In effect, removing tax-deductible status will eke away at what is left of the ATO’s leniency towards overdue tax obligations.

The change is expected to result in extra tax revenues of $500 million annually from 1 July 2025.

TIP

After an extended period of leniency shown to individuals and businesses struggling through COVID-19 and its aftermath, 2022 and 2023 marked a reversion to the norm. If taxpayers fail to engage with the ATO to satisfy their outstanding debts, enforcement actions may be escalated accordingly. In that respect, the ATO has the discretion to:

  1. Issue garnishee notices and director penalty notices (‘DPNs’)
  2. Report outstanding tax debts to a Credit Reporting Bureau if action to manage the debt is not taken within 28 days of receipt of a notice of intent. This can have a crippling effect on your and your business’s ability to borrow and
  3. Otherwise, commence legal action, including issuing summons for non-lodgements, and otherwise progressing personal and caproate insolvency action, including creditors’ petitions and winding-up proceedings.

The surest way to prevent the above action from being taken is to enter into (and comply with) a payment arrangement with the ATO about your debts. Contact us if you would like us to do this on your behalf.

Christmas Shutdowns

With Christmas on our doorstep, some new rules exist around annual leave during business shutdowns.

To recap, a shutdown is when a business temporarily closes during specific periods, such as between Christmas and New Year. By contrast, a stand down is when an employer tells employees not to work because they can’t be usefully employed for reasons outside the employer’s control.

Reasons for a stand down can include:

  • equipment breakdown if the employer isn’t responsible for it.
  • industrial action, when the employer does not organise it.
  • a stoppage of work for a reason the employer can’t be held responsible, such as a natural disaster.

An employee can be directed to take annual leave during a shutdown if their award or registered agreement allows it.
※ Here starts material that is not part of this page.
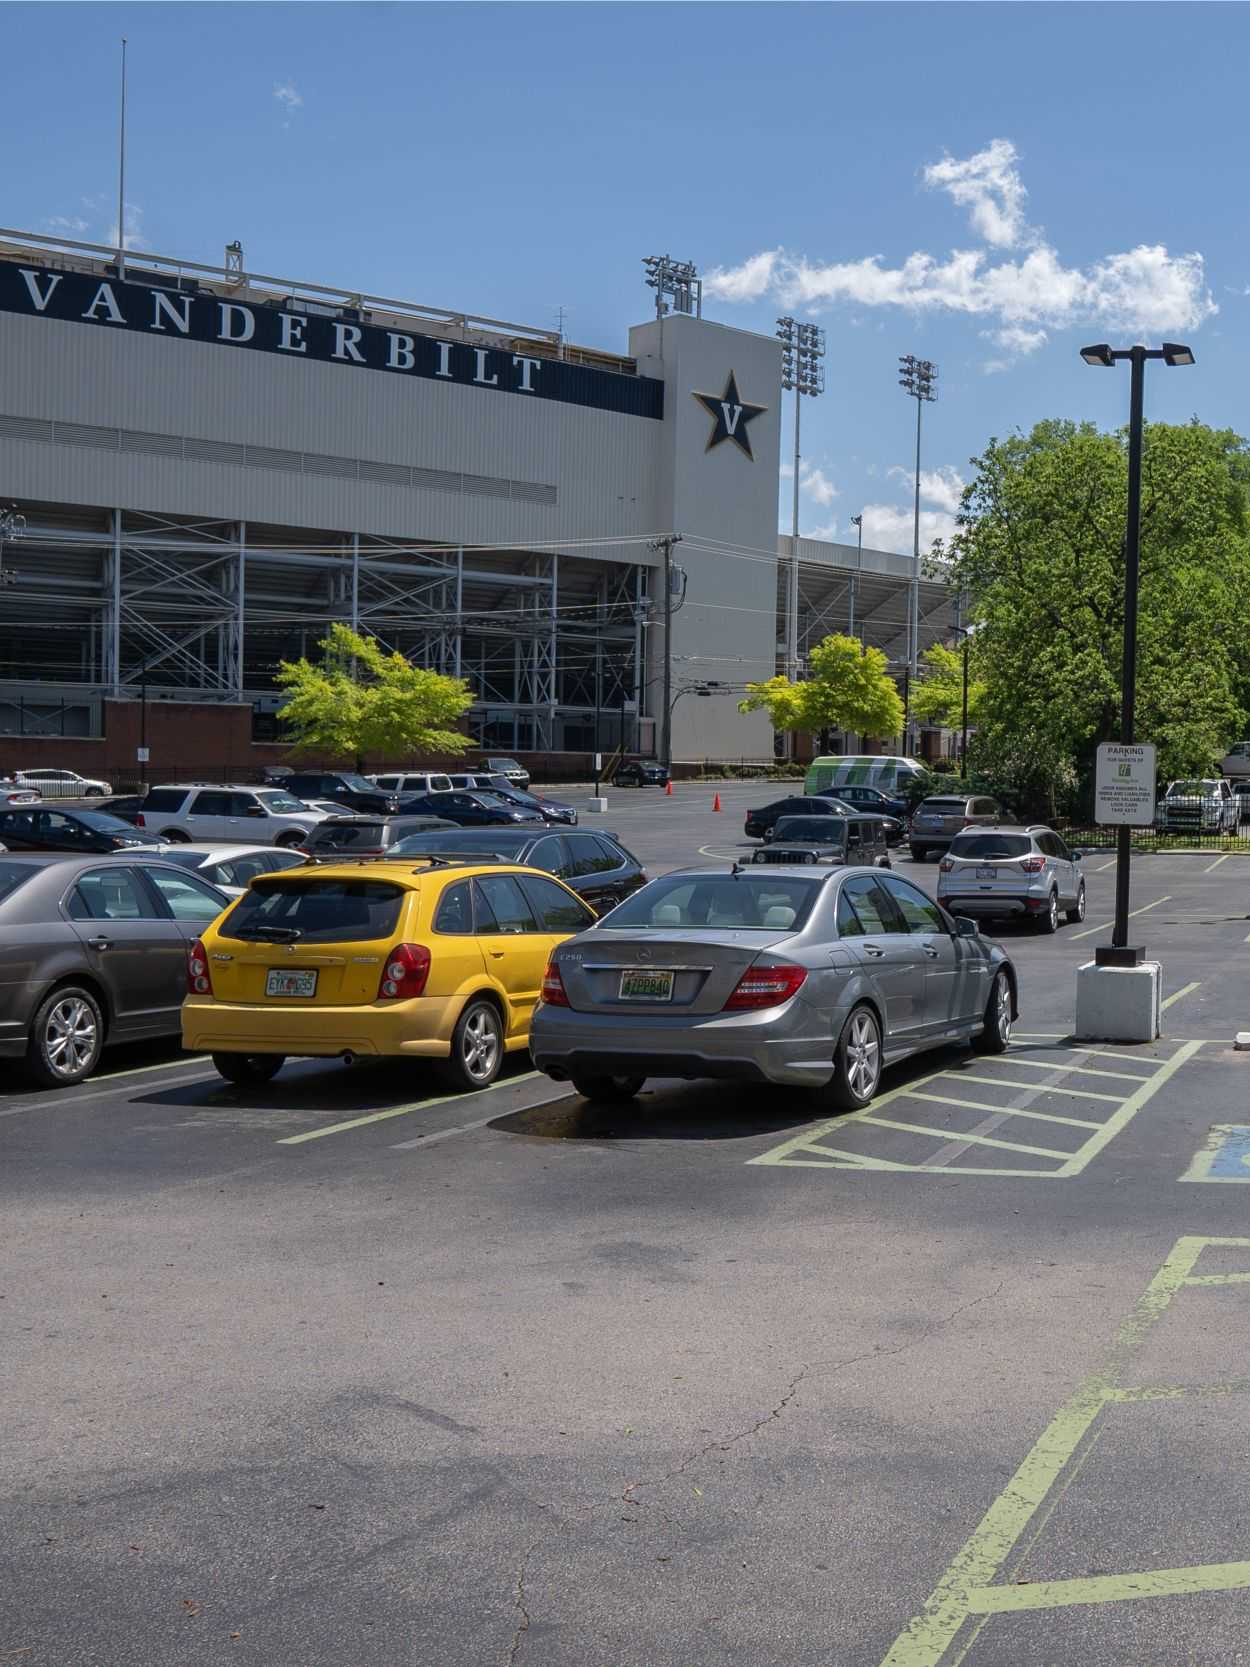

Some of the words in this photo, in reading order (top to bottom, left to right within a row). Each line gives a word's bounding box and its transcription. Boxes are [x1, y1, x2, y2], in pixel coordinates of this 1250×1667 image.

Suppose an Award or registered agreement does not cover an employee. In that case, they can be ordered to take annual leave if it is reasonable in the circumstances and their employment instrument (such as a contract) does not prohibit it.

From 1 May 2023, many awards have updated the rules on taking annual leave during a shutdown. The new rules mean:

  • employers may require employees to take paid annual leave during a temporary shutdown.
  • employers must provide at least 28 days written notice of the temporary shutdown period to all impacted employees.
  • the requirement to take annual leave must be reasonable.
  • the notice period can be reduced through an agreement between the employer and most impacted employees.
  • an employee who doesn’t have enough paid annual leave to cover the whole period can form an agreement with their employer for other options for the days not covered, such as:
  • using accrued time off.
  • annual leave in advance, or
  • leave without pay.

Note that during shutdowns, the employee must be paid for any public holidays during the shutdown period that fall on days they would typically work. These new rules apply to employees and employers covered by one of the affected awards.

Fair Work has updated its website with directions to take annual leave during a shutdown. This includes popular awards and industries like:

  • building and construction
  • hair and beauty
  • hospitality (including fast food and restaurants)
  • real estate.

Access your industry from Fair Work’s Direction to take annual leave during a shutdown page. Just select your industry from the drop-down menu to get award-specific information.

Christmas Tips for Retail Businesses

Here are some tips to employ this holiday season for businesses operating in the retail sector as follows:

  1. Last-minute adjustments to inventory.

Executive director for the Australian Retailers Association says now is an ideal time to ensure you have the right balance of stock on hand to meet your customers’ needs:

“Whether you’re a single shopfront or a nationwide chain, you probably should have planned your inventory up to five or six months in advance.

But now is a great time to make tweaks to your inventory.”

  1. Carefully balance foot traffic, wages, and opening hours

Retailers in shopping centres generally must play by the facility’s rules; otherwise, every retailer should try to assess their opening hours according to their needs.

Everyone knows to expect extended shopping hours generally begin in December, but that doesn’t mean every business should attempt to match those hours.

Wages increase by up to 25% after 6 pm, and there’s no point paying those extra wages if you won’t realise a proportional increase in foot traffic.

Christmas is also the ideal time to trial new and junior staff members who can help with odd jobs like stacking and packing.

  1. Make the most out of digital marketing

Modern marketing techniques like email direct marketing, search engine marketing and social media can all achieve great results – even if you’re not selling online.

Social media is how to get advertising out there at a minimal price.

All retailers should ensure they’re present and active on their local community Facebook page to promote their offerings, hours and any special events they might have come up with.

  1. Review your pricing strategy – it’s not always about the most significant discount

With the likes of Amazon in the market, many retailers are responding by dropping their prices – but that’s not always the best approach.

For example, suppose you are looking to buy a nice shirt. In that case, you may be happy to pay a little extra at your local store if it can offer free alterations with the purchase, which is generally better value than spending a little less at one of the more prominent brands that don’t provide this service.

People are likely to look at different products for different reasons, which must be considered when determining how to price your products.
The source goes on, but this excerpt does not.